WORK INSTRUCTION: The records that follow are to be reproduced exactly. Any pictures in them are left out.

Phrase grounding data:
^^^^^^^^^^^^^^^^
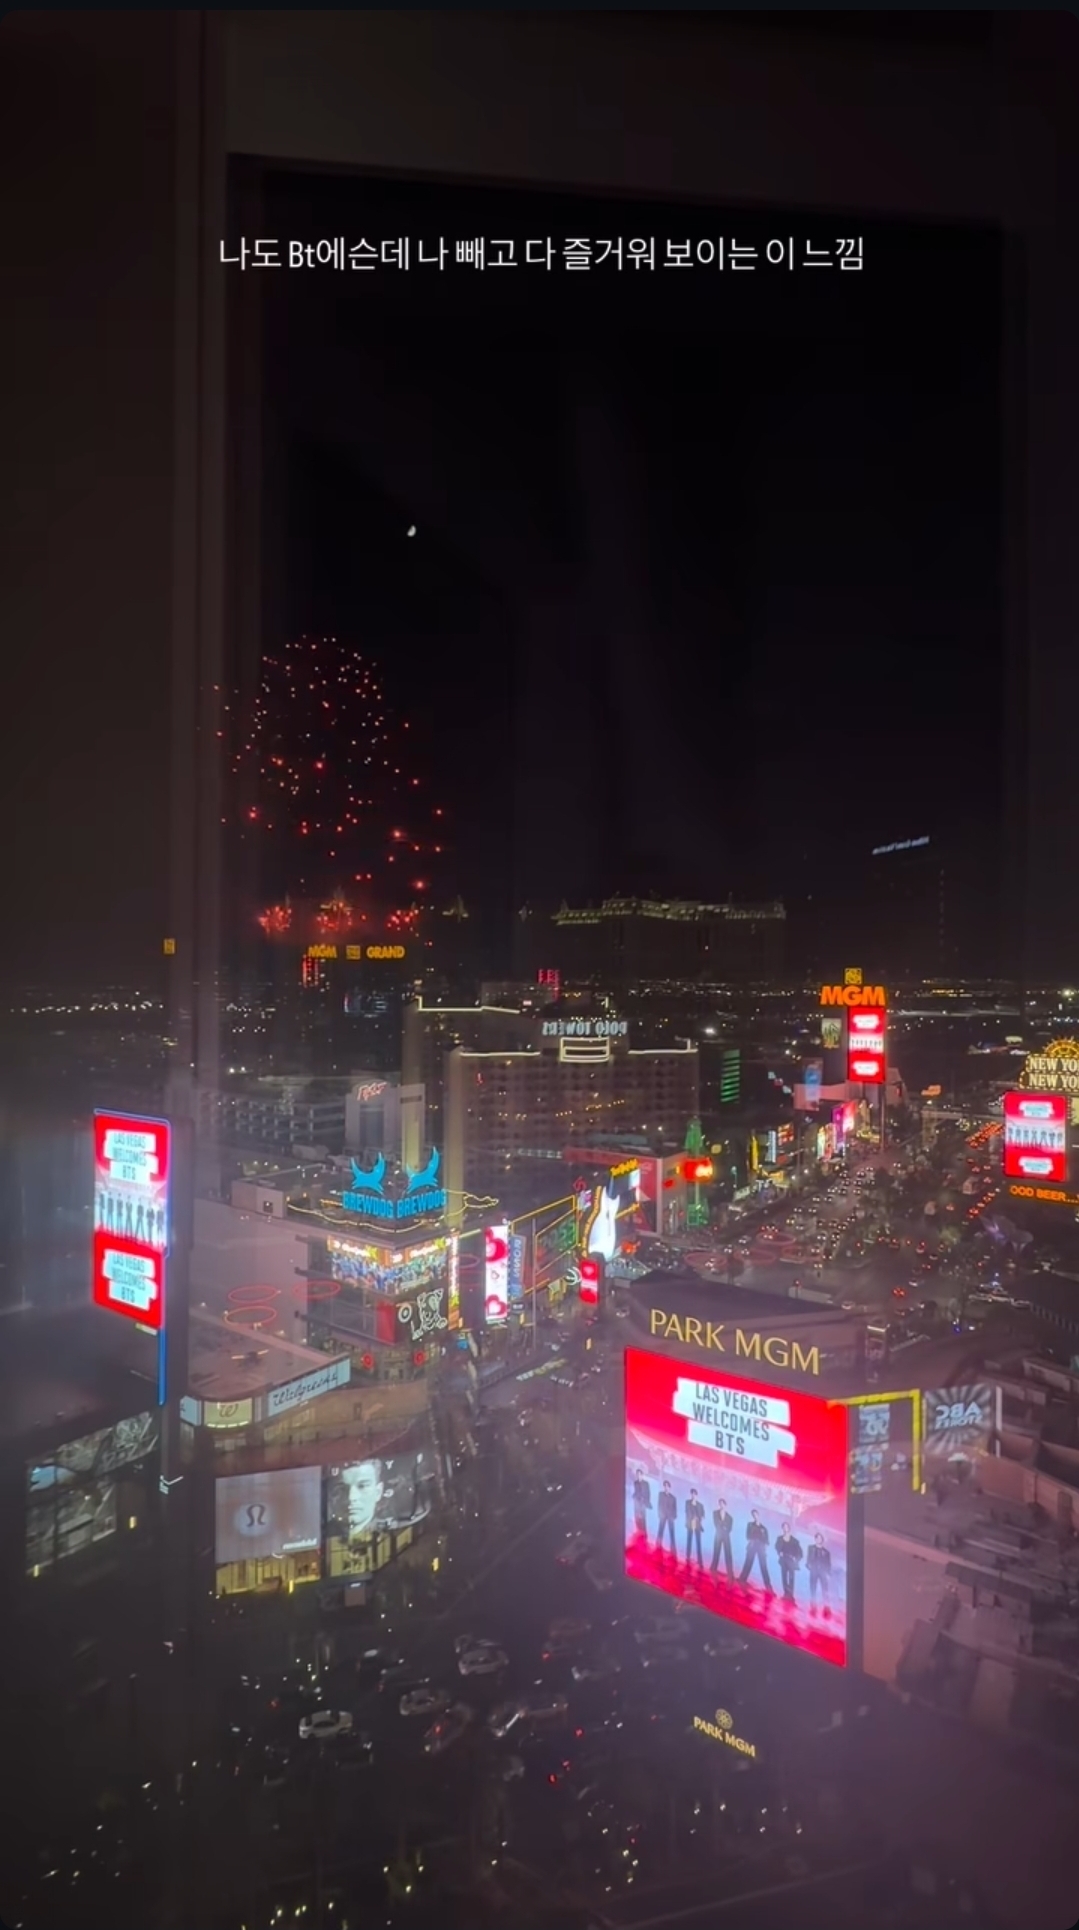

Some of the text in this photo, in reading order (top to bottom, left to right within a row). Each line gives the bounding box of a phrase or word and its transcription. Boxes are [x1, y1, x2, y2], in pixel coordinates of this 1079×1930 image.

[366, 946, 405, 958] GRAND
[820, 985, 886, 1006] MGM
[1029, 1057, 1058, 1071] NEW
[1029, 1074, 1058, 1087] NEW
[113, 1132, 146, 1149] LAS VEGAS
[112, 1147, 147, 1167] WELCOMES
[122, 1165, 136, 1180] BTS
[343, 1190, 395, 1219] BREWDOG
[111, 1267, 146, 1291] WELCOMES
[121, 1286, 135, 1303] BTS
[650, 1308, 820, 1376] PARK MGM
[695, 1382, 768, 1418] LAS VEGAS
[692, 1402, 770, 1442] WELCOMES
[714, 1430, 745, 1455] BTS
[694, 1715, 755, 1757] PARK MGM
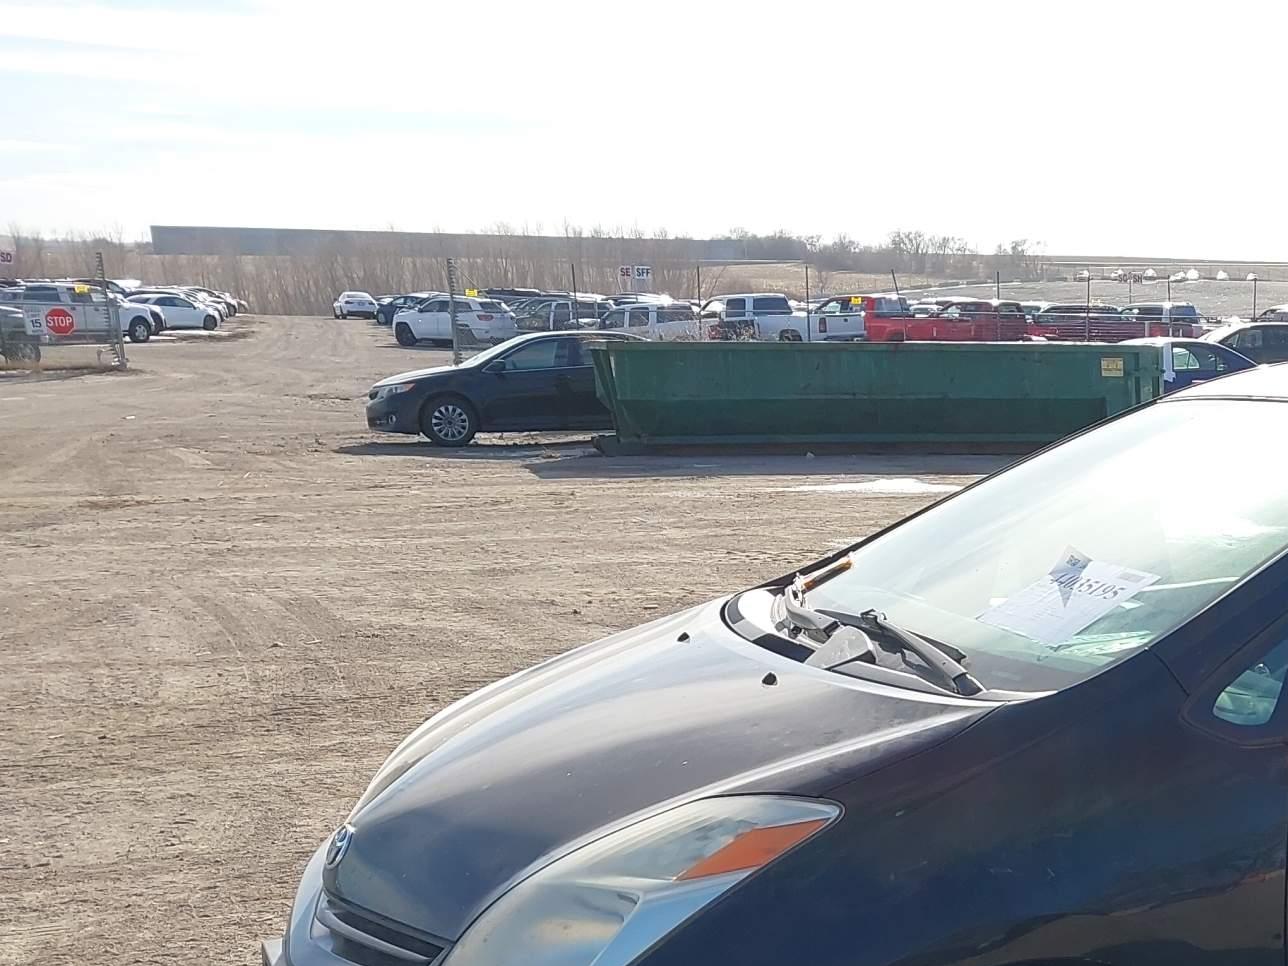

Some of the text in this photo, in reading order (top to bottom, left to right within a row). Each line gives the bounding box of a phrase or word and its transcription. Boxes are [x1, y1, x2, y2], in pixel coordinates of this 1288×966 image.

[620, 267, 631, 277] SE
[636, 267, 651, 278] SFF
[31, 318, 42, 328] 15
[47, 316, 73, 327] STOP
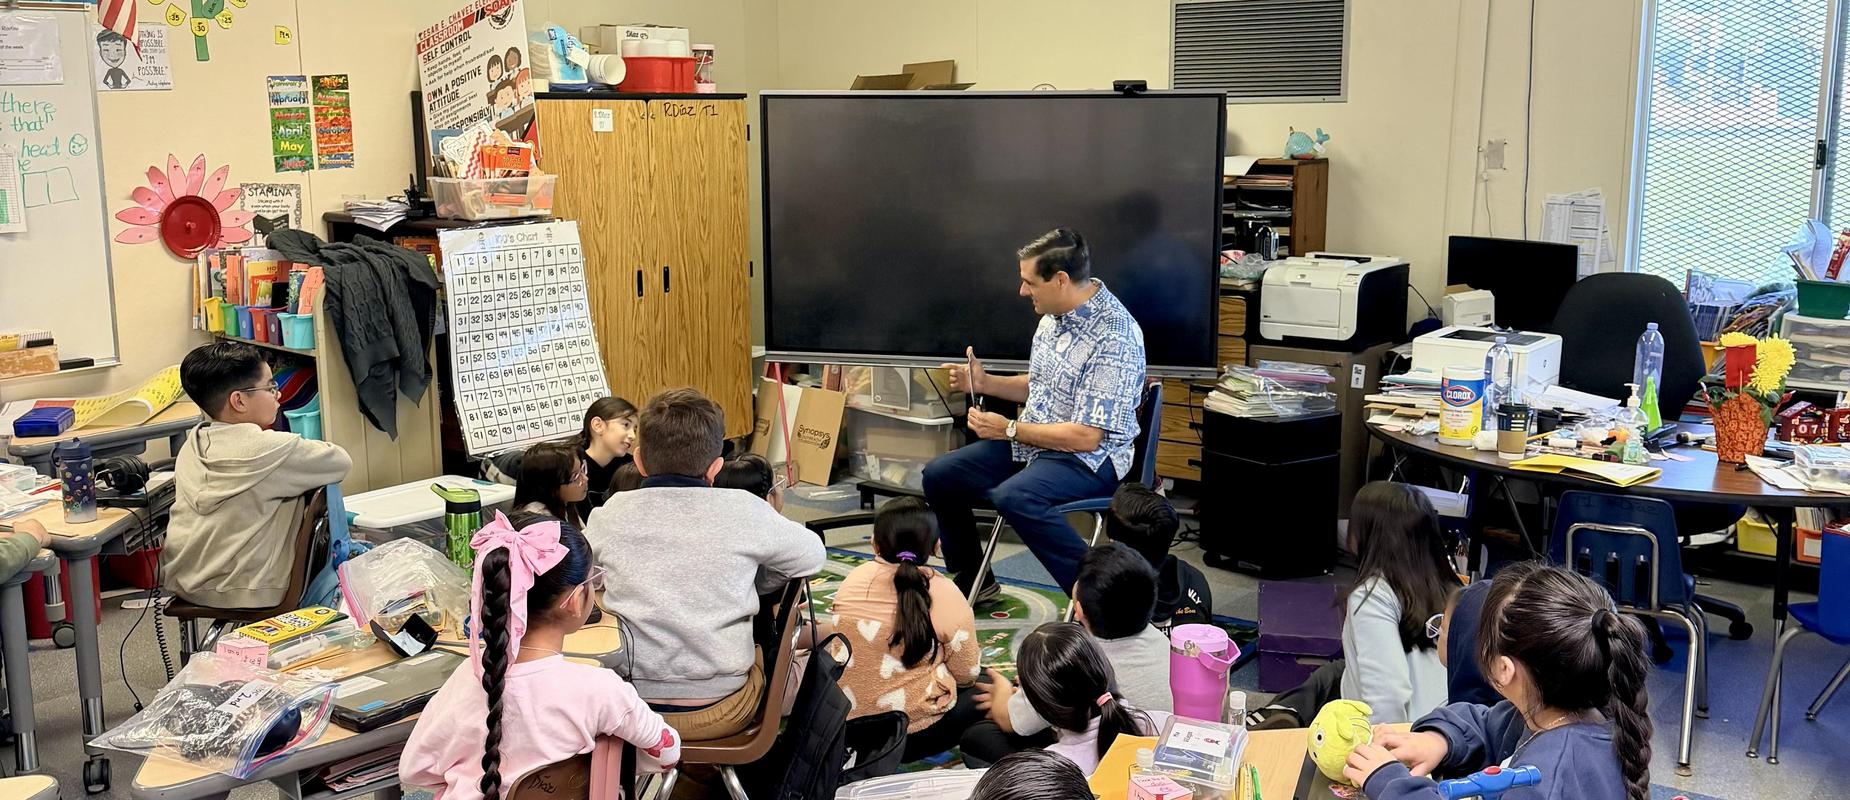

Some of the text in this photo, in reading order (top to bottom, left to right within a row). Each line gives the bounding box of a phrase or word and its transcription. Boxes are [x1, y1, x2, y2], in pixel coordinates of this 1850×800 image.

[448, 4, 473, 24] CHAVEZ
[420, 20, 464, 52] CLASSROOM
[422, 30, 472, 62] SELF CONTROL
[427, 66, 482, 102] OWN A POSITIVE
[0, 91, 56, 114] there
[430, 88, 460, 113] ATTITUDE
[702, 104, 718, 116] T1
[279, 125, 302, 138] April
[280, 140, 304, 154] May
[248, 186, 292, 198] STAMINA
[516, 232, 538, 242] Chart
[468, 257, 475, 266] 2
[482, 256, 488, 264] 3
[509, 253, 514, 262] 5
[522, 252, 527, 260] 6
[534, 251, 539, 259] 7
[547, 249, 552, 258] 8
[571, 247, 578, 255] 10
[458, 266, 579, 287] 11 12 13 14 15 16 17 18 19 20
[457, 284, 582, 306] 21 22 23 24 25 26 27 28 29 30
[458, 303, 584, 326] 31 32 33 34 35 36 37 38 39 40
[459, 336, 467, 344] 41
[472, 334, 481, 343] 42
[485, 332, 494, 341] 43
[512, 329, 521, 337] 45
[565, 322, 574, 330] 49
[577, 320, 587, 329] 50
[460, 355, 469, 365] 51
[473, 353, 482, 363] 52
[486, 352, 497, 360] 53
[541, 344, 550, 353] 57
[554, 342, 564, 351] 58
[568, 340, 577, 349] 59
[581, 338, 590, 347] 60
[461, 374, 471, 384] 61
[475, 373, 485, 382] 62
[489, 371, 499, 380] 63
[503, 369, 513, 377] 64
[517, 367, 527, 375] 65
[531, 364, 541, 373] 66
[545, 362, 554, 371] 67
[558, 361, 568, 369] 68
[571, 358, 581, 367] 69
[463, 374, 599, 402] 71 72 73 74 75 76 77 78 79 80
[1446, 390, 1472, 400] CLOROX
[469, 412, 479, 421] 81
[483, 410, 493, 419] 82
[497, 408, 508, 417] 83
[512, 405, 522, 414] 84
[526, 403, 536, 412] 85
[539, 401, 550, 409] 86
[553, 398, 562, 407] 87
[567, 396, 577, 404] 88
[580, 393, 590, 402] 89
[1090, 398, 1106, 425] LA
[473, 414, 581, 439] 91 92 93 94 95 96 97 98
[799, 424, 830, 439] Synopsys
[230, 692, 252, 708] 2nd
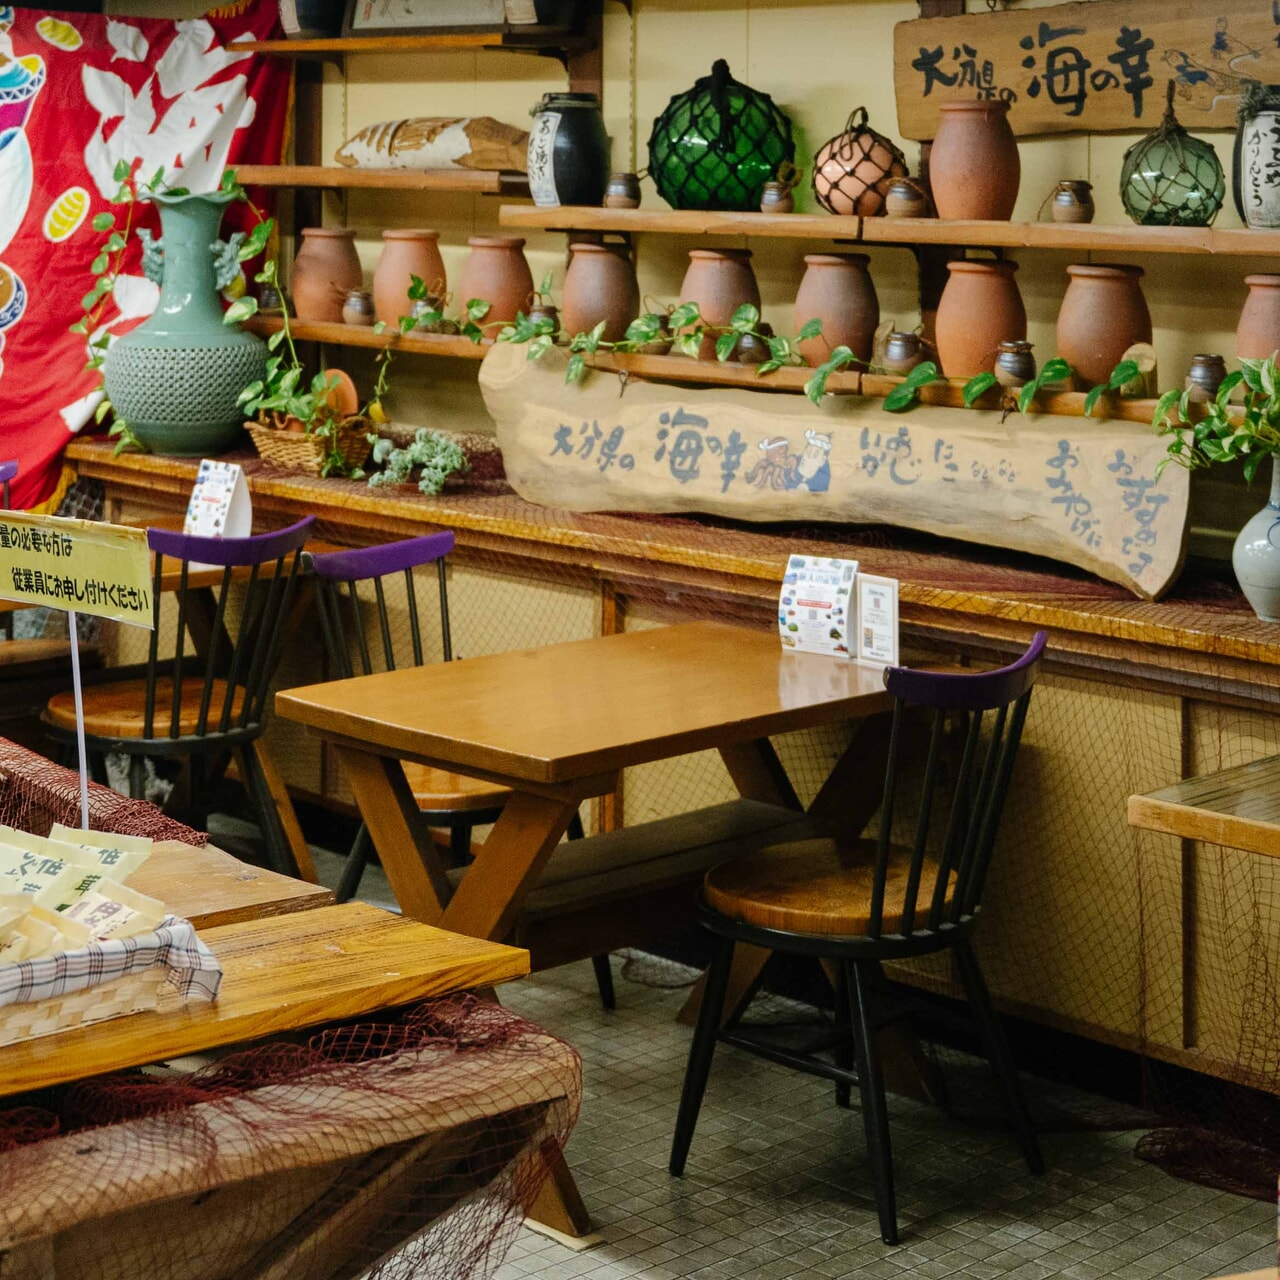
^^^^^^^^^^^^^^^^
RESULT FOR THIS EXERCISE:
Some of the text in this photo, in reading order (top to bottom, left to right within a row). Each line gives the bounding box of a phrase or word and its transcription. Boxes are [x1, y1, x2, y2], in pixel coordinates of this 1079×1930 image.

[366, 946, 405, 958] GRAND
[820, 985, 886, 1006] MGM
[1029, 1057, 1058, 1071] NEW
[1029, 1074, 1058, 1087] NEW
[113, 1132, 146, 1149] LAS VEGAS
[112, 1147, 147, 1167] WELCOMES
[122, 1165, 136, 1180] BTS
[343, 1190, 395, 1219] BREWDOG
[111, 1267, 146, 1291] WELCOMES
[121, 1286, 135, 1303] BTS
[650, 1308, 820, 1376] PARK MGM
[695, 1382, 768, 1418] LAS VEGAS
[692, 1402, 770, 1442] WELCOMES
[714, 1430, 745, 1455] BTS
[694, 1715, 755, 1757] PARK MGM

Some of the text in this photo, in reading order (top to bottom, left to right within a row). Each line gives the bounding box of a phrase or word and its transcription. Boxes are [x1, y1, x2, y2], in pixel coordinates of this 1288×966 image.

[620, 267, 631, 277] SE
[636, 267, 651, 278] SFF
[31, 318, 42, 328] 15
[47, 316, 73, 327] STOP

Some of the text in this photo, in reading order (top to bottom, left to right within a row). Each line gives the bounding box of a phrase or word and its transcription. Boxes are [x1, y1, x2, y2], in pixel coordinates of this 1850×800 image.

[448, 4, 473, 24] CHAVEZ
[420, 20, 464, 52] CLASSROOM
[422, 30, 472, 62] SELF CONTROL
[427, 66, 482, 102] OWN A POSITIVE
[0, 91, 56, 114] there
[430, 88, 460, 113] ATTITUDE
[702, 104, 718, 116] T1
[279, 125, 302, 138] April
[280, 140, 304, 154] May
[248, 186, 292, 198] STAMINA
[516, 232, 538, 242] Chart
[468, 257, 475, 266] 2
[482, 256, 488, 264] 3
[509, 253, 514, 262] 5
[522, 252, 527, 260] 6
[534, 251, 539, 259] 7
[547, 249, 552, 258] 8
[571, 247, 578, 255] 10
[458, 266, 579, 287] 11 12 13 14 15 16 17 18 19 20
[457, 284, 582, 306] 21 22 23 24 25 26 27 28 29 30
[458, 303, 584, 326] 31 32 33 34 35 36 37 38 39 40
[459, 336, 467, 344] 41
[472, 334, 481, 343] 42
[485, 332, 494, 341] 43
[512, 329, 521, 337] 45
[565, 322, 574, 330] 49
[577, 320, 587, 329] 50
[460, 355, 469, 365] 51
[473, 353, 482, 363] 52
[486, 352, 497, 360] 53
[541, 344, 550, 353] 57
[554, 342, 564, 351] 58
[568, 340, 577, 349] 59
[581, 338, 590, 347] 60
[461, 374, 471, 384] 61
[475, 373, 485, 382] 62
[489, 371, 499, 380] 63
[503, 369, 513, 377] 64
[517, 367, 527, 375] 65
[531, 364, 541, 373] 66
[545, 362, 554, 371] 67
[558, 361, 568, 369] 68
[571, 358, 581, 367] 69
[463, 374, 599, 402] 71 72 73 74 75 76 77 78 79 80
[1446, 390, 1472, 400] CLOROX
[469, 412, 479, 421] 81
[483, 410, 493, 419] 82
[497, 408, 508, 417] 83
[512, 405, 522, 414] 84
[526, 403, 536, 412] 85
[539, 401, 550, 409] 86
[553, 398, 562, 407] 87
[567, 396, 577, 404] 88
[580, 393, 590, 402] 89
[1090, 398, 1106, 425] LA
[473, 414, 581, 439] 91 92 93 94 95 96 97 98
[799, 424, 830, 439] Synopsys
[230, 692, 252, 708] 2nd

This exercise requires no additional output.